__Task goal__.
The listing below should be reproduced exactly, with the pictures omitted.

__Material shown__.
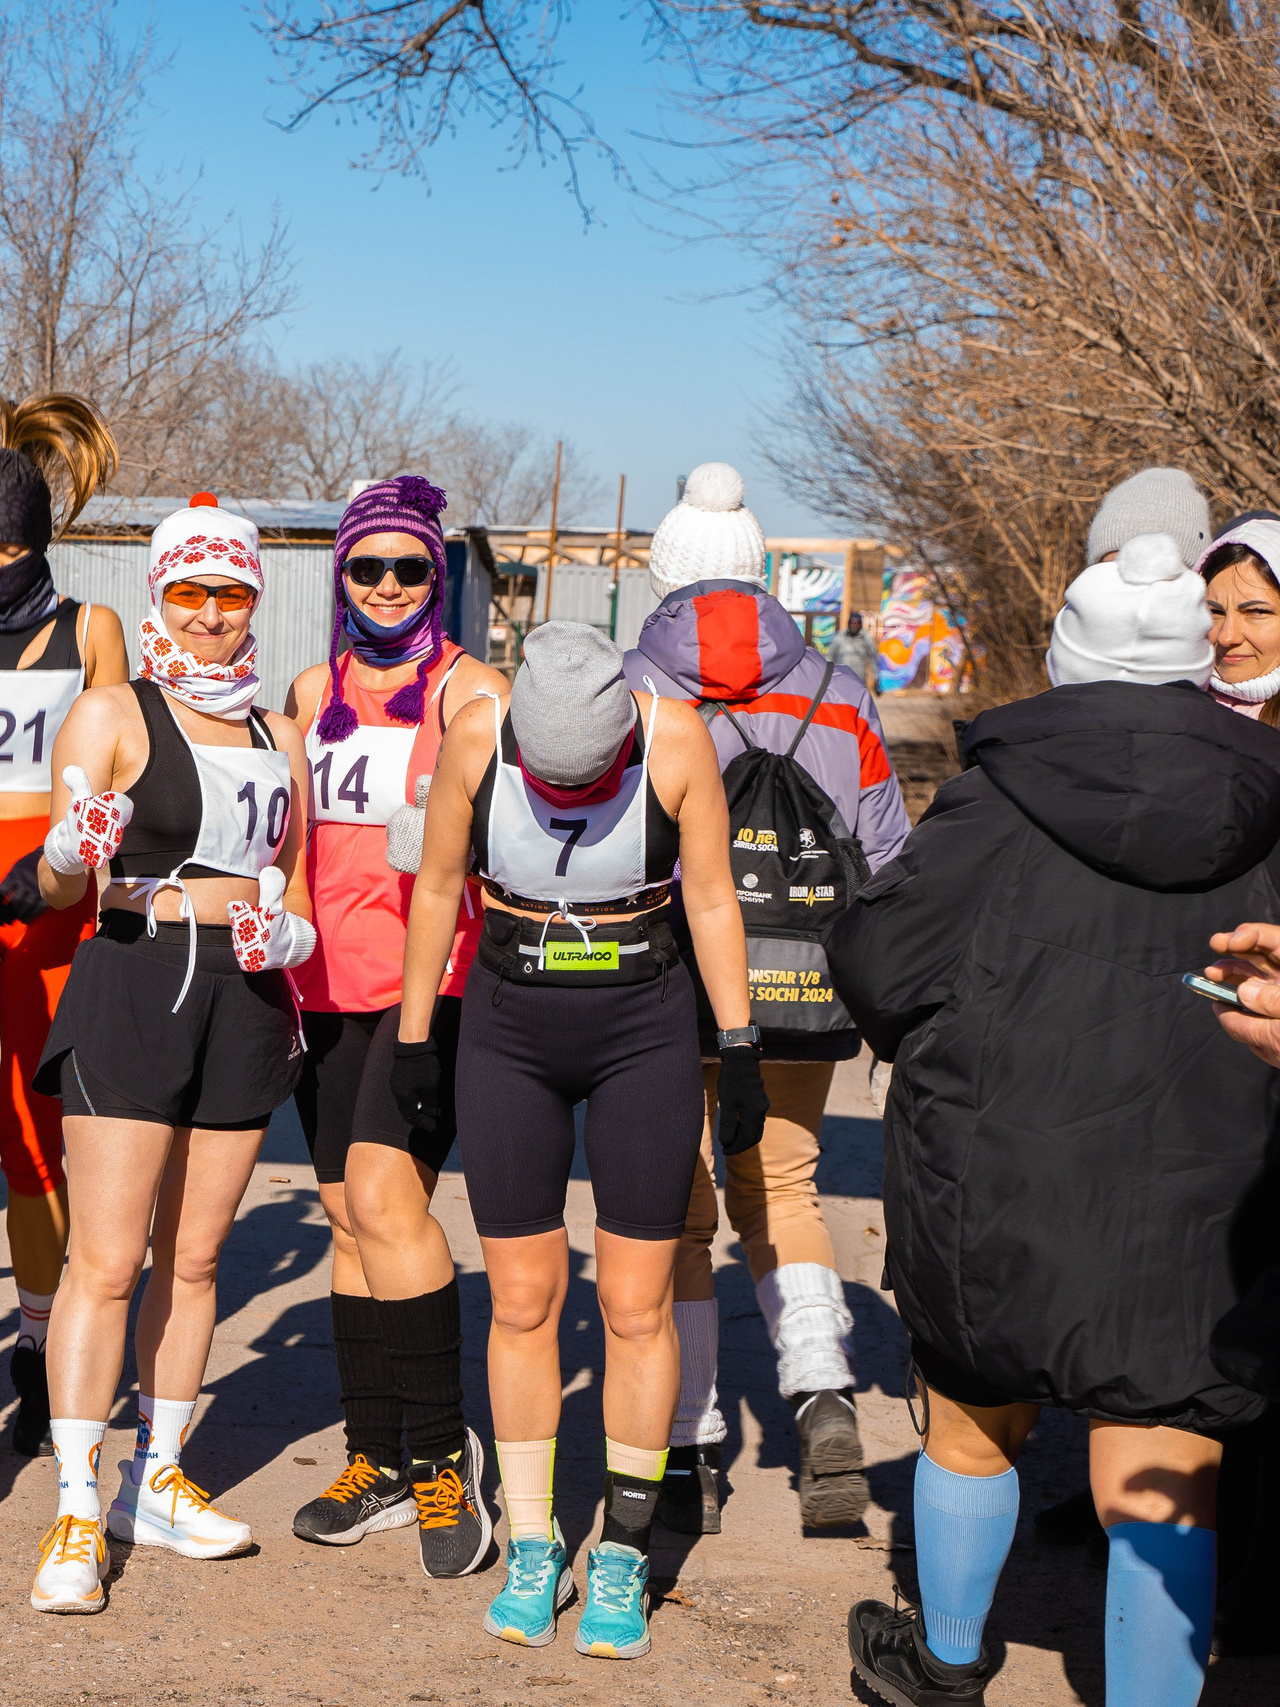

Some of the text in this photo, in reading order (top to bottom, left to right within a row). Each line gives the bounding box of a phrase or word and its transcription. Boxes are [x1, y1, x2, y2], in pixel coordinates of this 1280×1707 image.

[313, 751, 369, 814] 14
[237, 781, 290, 849] 10
[737, 828, 754, 843] 10
[549, 816, 588, 877] 7
[733, 840, 757, 851] SIRIUS
[789, 886, 835, 898] IRON STAR
[799, 970, 821, 987] 1/8
[756, 986, 800, 1002] SOCHI
[800, 988, 834, 1003] 2024
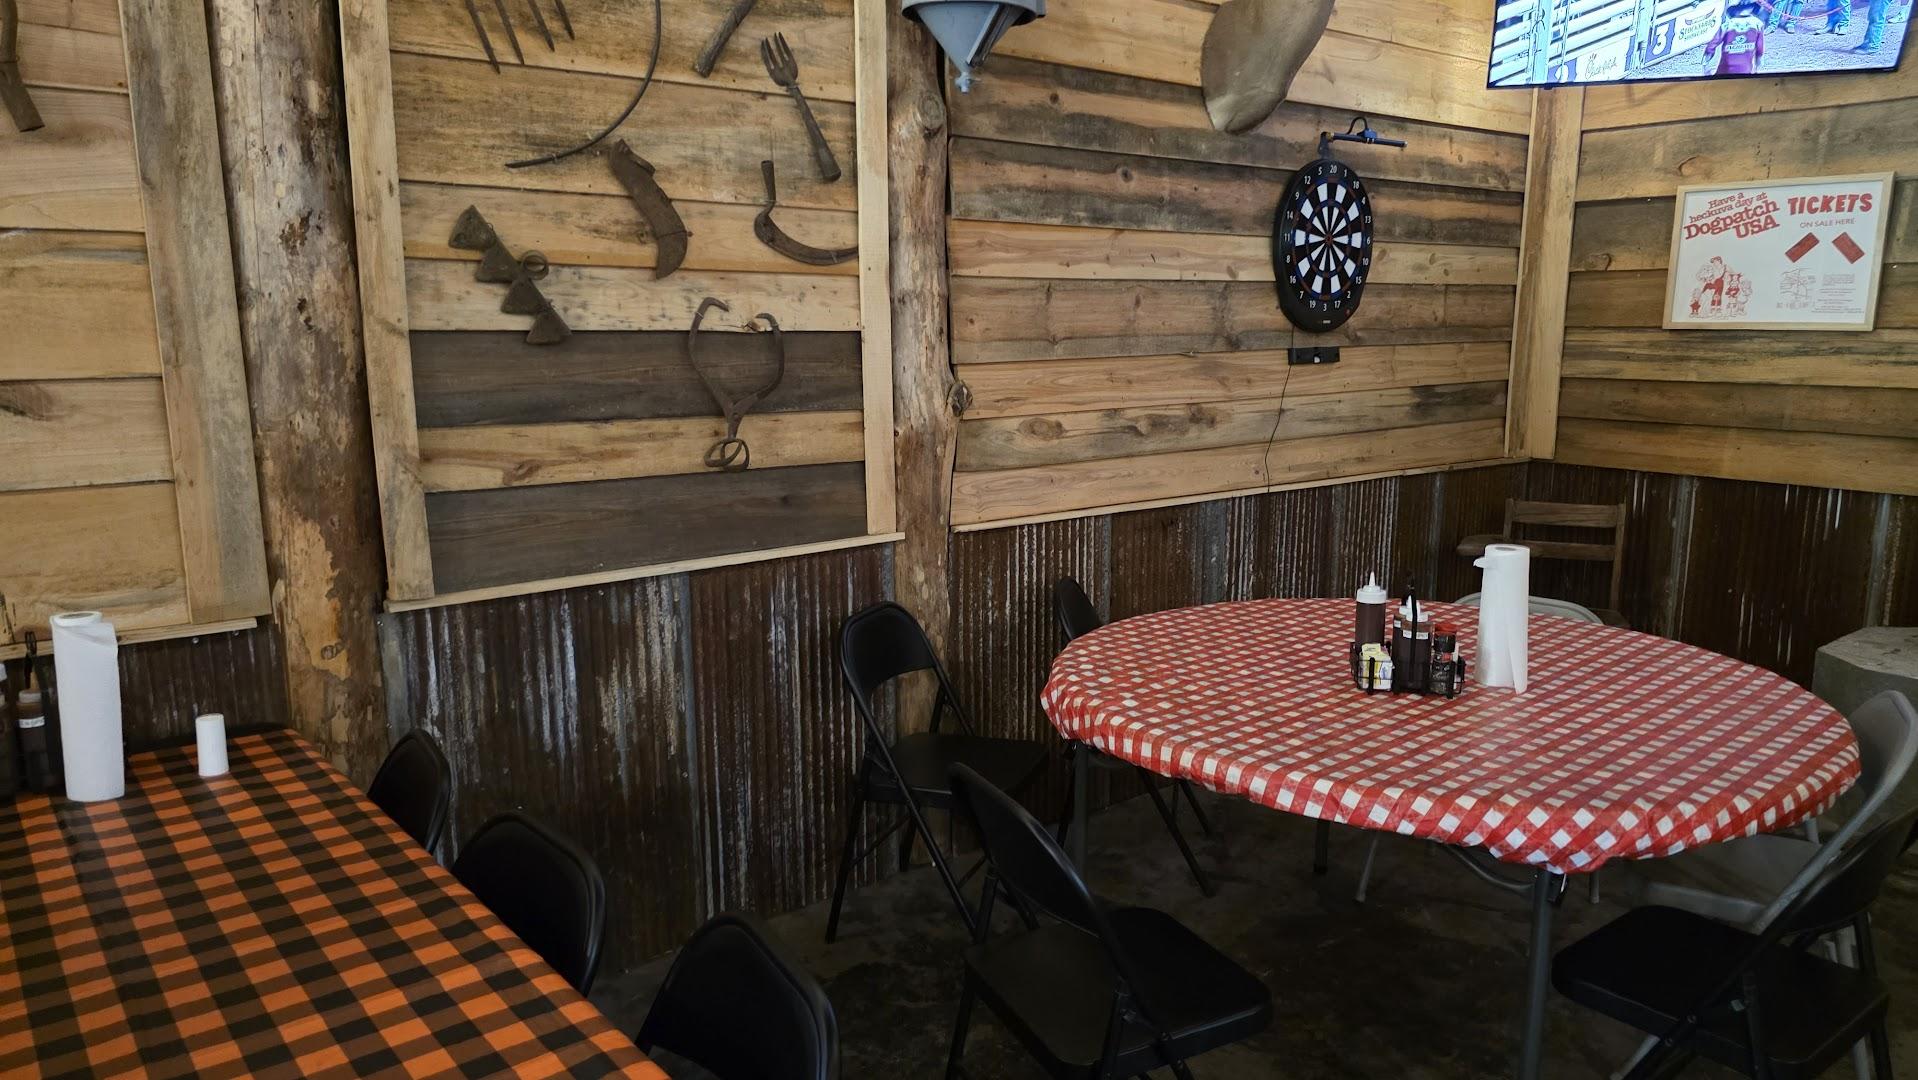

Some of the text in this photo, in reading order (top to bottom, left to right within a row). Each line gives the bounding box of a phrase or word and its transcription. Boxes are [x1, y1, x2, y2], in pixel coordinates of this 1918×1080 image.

[1652, 22, 1669, 55] 3
[1329, 165, 1338, 173] 20
[1304, 176, 1312, 184] 12
[1353, 181, 1360, 189] 18
[1708, 194, 1735, 209] Have
[1735, 196, 1754, 208] day
[1756, 192, 1768, 201] at
[1788, 193, 1874, 216] TICKETS
[1286, 211, 1294, 219] 14
[1684, 200, 1780, 239] Dogpatch
[1732, 215, 1780, 238] USA
[1800, 217, 1856, 228] ON SALE HERE
[1284, 233, 1291, 241] 11
[1355, 276, 1362, 284] 15
[1309, 300, 1317, 308] 19
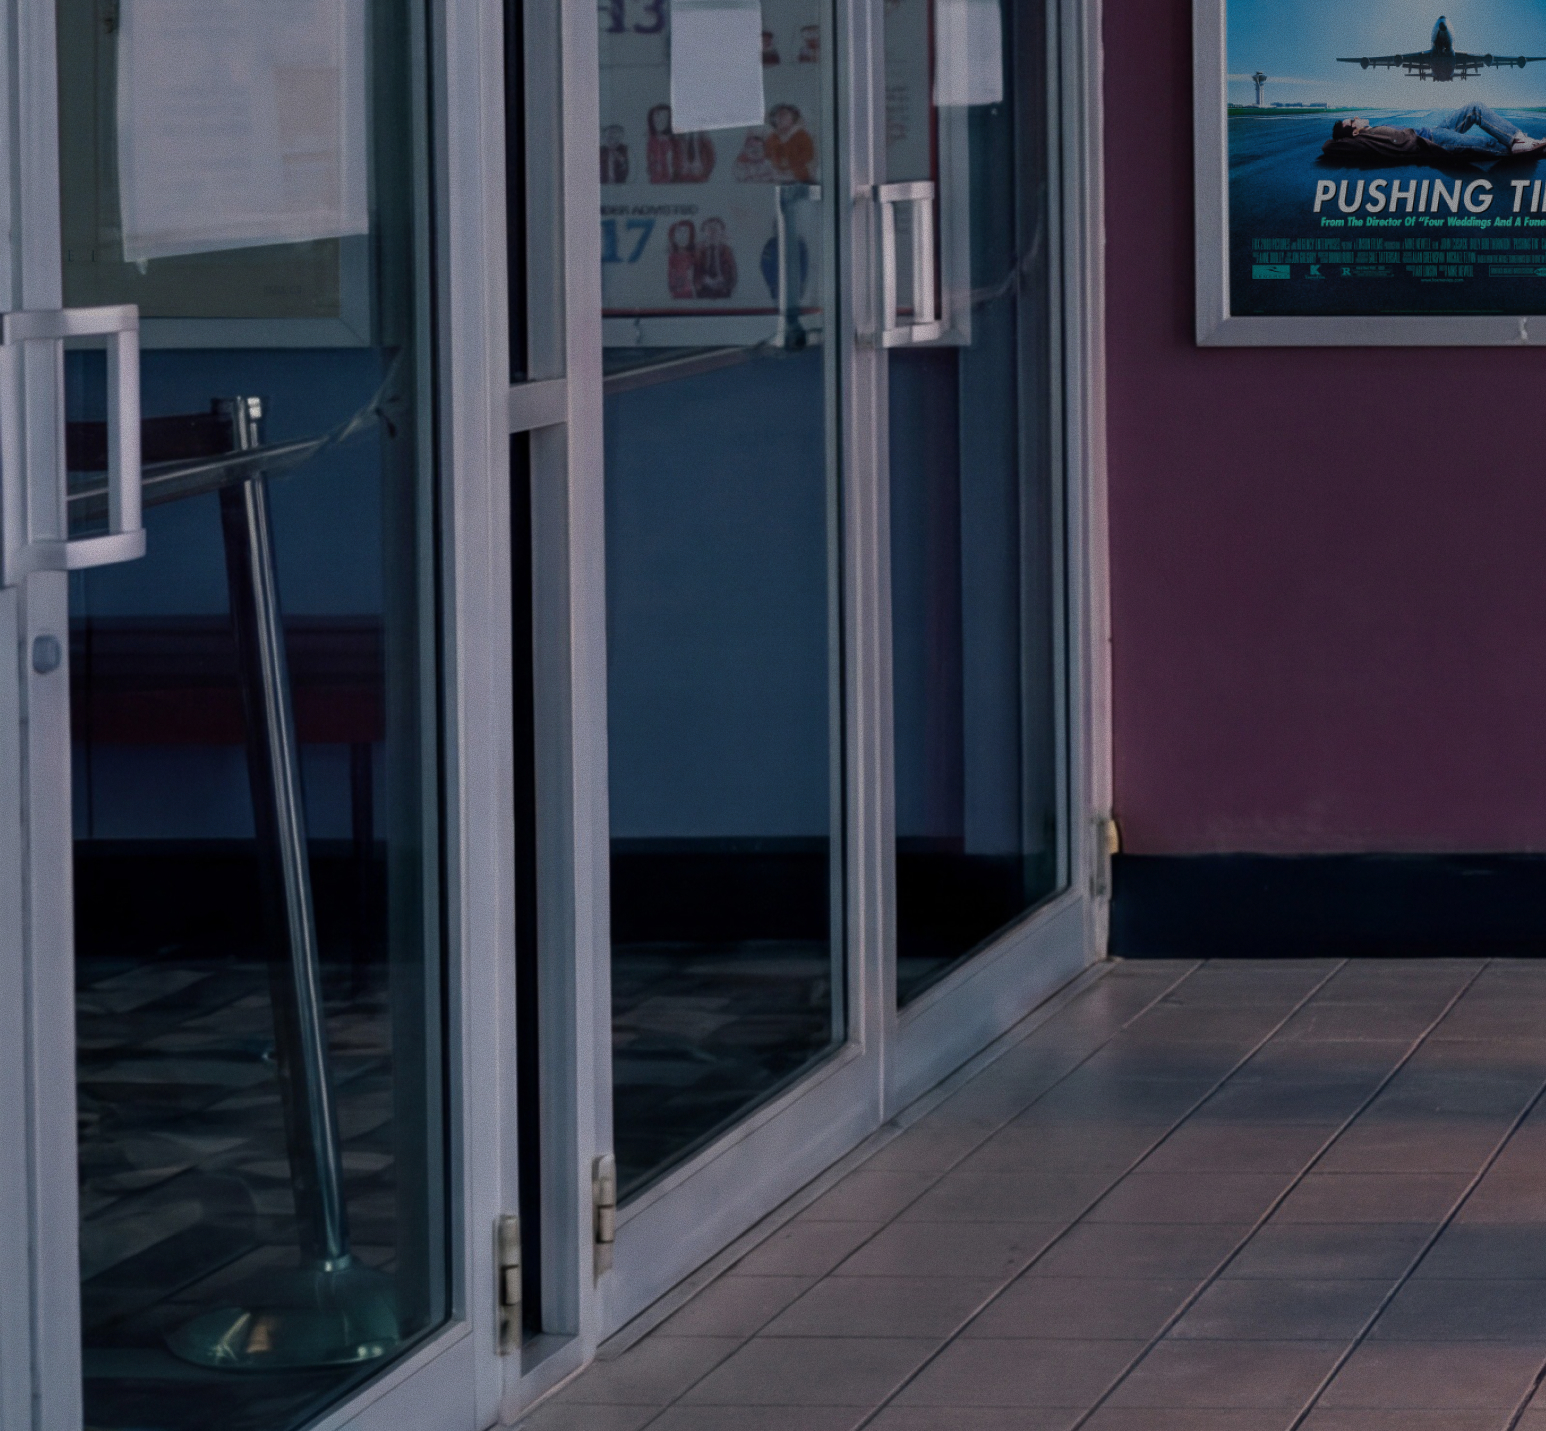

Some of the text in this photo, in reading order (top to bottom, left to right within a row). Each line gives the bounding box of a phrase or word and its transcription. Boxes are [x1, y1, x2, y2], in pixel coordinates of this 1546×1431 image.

[1313, 178, 1494, 214] PUSHING
[1321, 216, 1344, 227] From
[1347, 216, 1363, 227] The
[1366, 216, 1402, 227] Director
[1404, 216, 1416, 227] Of
[1447, 216, 1491, 229] Weddings
[1494, 216, 1512, 227] And
[1514, 216, 1523, 227] A

__Task output__.
Some of the text in this photo, in reading order (top to bottom, left to right within a row). Each line gives the bounding box of a phrase or word and its transcription. Boxes are [x1, y1, x2, y2], in pixel coordinates of this 1280×1707 image.

[313, 751, 369, 814] 14
[237, 781, 290, 849] 10
[737, 828, 754, 843] 10
[549, 816, 588, 877] 7
[733, 840, 757, 851] SIRIUS
[789, 886, 835, 898] IRON STAR
[799, 970, 821, 987] 1/8
[756, 986, 800, 1002] SOCHI
[800, 988, 834, 1003] 2024

Some of the text in this photo, in reading order (top to bottom, left to right within a row). Each line gives the bounding box of a phrase or word and its transcription. Boxes are [x1, y1, x2, y2], in pixel coordinates of this 1918×1080 image.

[1652, 22, 1669, 55] 3
[1329, 165, 1338, 173] 20
[1304, 176, 1312, 184] 12
[1353, 181, 1360, 189] 18
[1708, 194, 1735, 209] Have
[1735, 196, 1754, 208] day
[1756, 192, 1768, 201] at
[1788, 193, 1874, 216] TICKETS
[1286, 211, 1294, 219] 14
[1684, 200, 1780, 239] Dogpatch
[1732, 215, 1780, 238] USA
[1800, 217, 1856, 228] ON SALE HERE
[1284, 233, 1291, 241] 11
[1355, 276, 1362, 284] 15
[1309, 300, 1317, 308] 19

Some of the text in this photo, in reading order (top to bottom, left to right within a row). Each line gives the bounding box of a phrase or word and its transcription. Boxes are [x1, y1, x2, y2], in pixel coordinates of this 1546×1431 image.

[1313, 178, 1494, 214] PUSHING
[1321, 216, 1344, 227] From
[1347, 216, 1363, 227] The
[1366, 216, 1402, 227] Director
[1404, 216, 1416, 227] Of
[1447, 216, 1491, 229] Weddings
[1494, 216, 1512, 227] And
[1514, 216, 1523, 227] A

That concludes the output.